Montessori Children Don't Throw

When my son was around 14 months old, he started throwing things: toys, silverware, food, you name it (although he wisely never threw a glass!).  My first instinct should've been to stop and observe him to find out why he was throwing.  But instead, my ego got the best of me and I began thinking: "You shouldn't be throwing; you're a Montessori child!"  As if a floor bed, cloth diapers, and a weaning table were a vaccine against normal infant developmental phases.

It took many throws before I stopped wallowing in the disappointment of having raised an imperfect child despite all my education, and then I finally started to pay attention - because of my education (ah, the irony).  I discovered that Zachary would throw when he was frustrated with a challenge but didn't know how to ask for help; when he was tired but didn't know how to tell me; and when he was done but didn't know what to do about it.  After much observation, it became clear that throwing was a way of communicating.

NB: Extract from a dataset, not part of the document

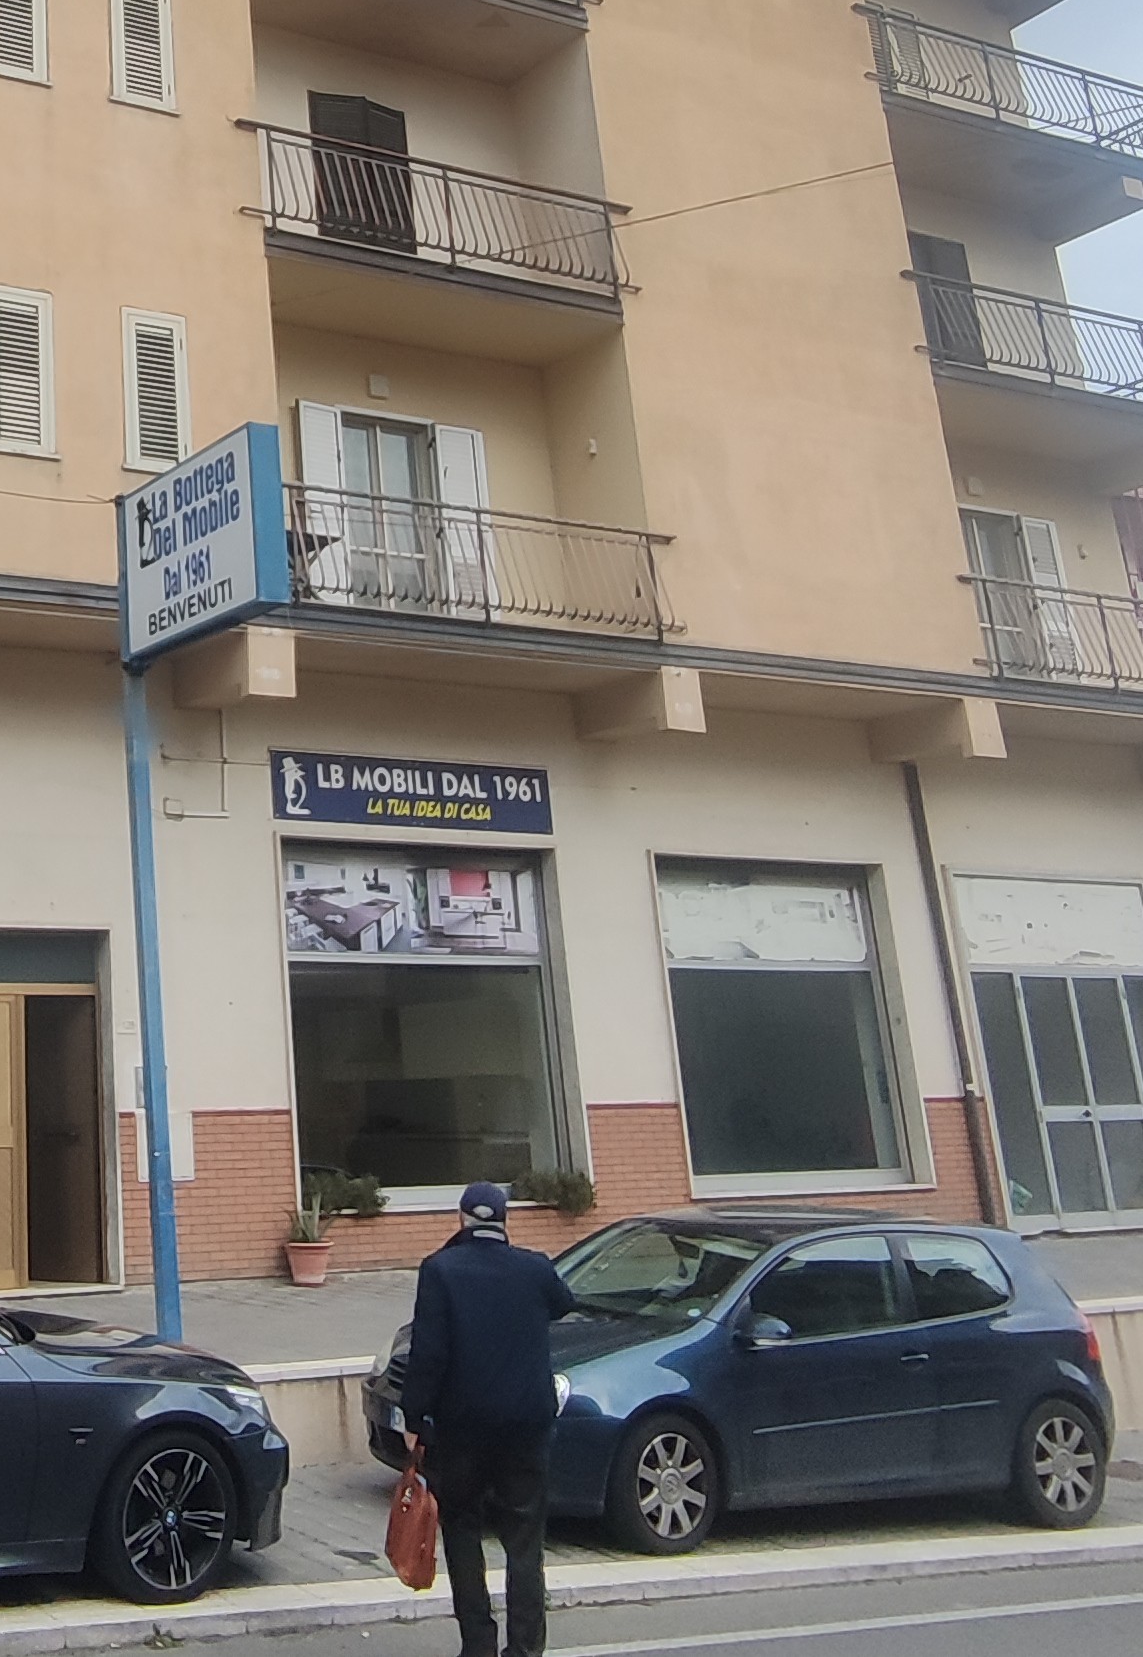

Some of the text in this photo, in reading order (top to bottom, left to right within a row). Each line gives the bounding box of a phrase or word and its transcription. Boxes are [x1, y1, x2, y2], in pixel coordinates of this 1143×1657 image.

With this newfound awareness, I got to work.  If he threw something, I immediately pointed out the reason I perceived was behind his action.  "You don't want any more food, you're all done.  You can say 'all done'."  Or, "That train isn't staying on the track!  You seem frustrated.  You can say 'help'."  Or, "You seem to be feeling tired.  You can come sit on my lap for a bit."  And always, I would add, "Let's not throw the train/fork/grape.  I'm going to put it away now."

Later, as I got better at predicting when he'd throw, I'd sometimes be able to catch him before he pitched an object across the room.  In these cases, I would hold his hand and start with, "I'm not going to let you throw the grape/train/fork.  You seem to be full/frustrated/tired... You can say 'all done'/ask for help/sit on my lap."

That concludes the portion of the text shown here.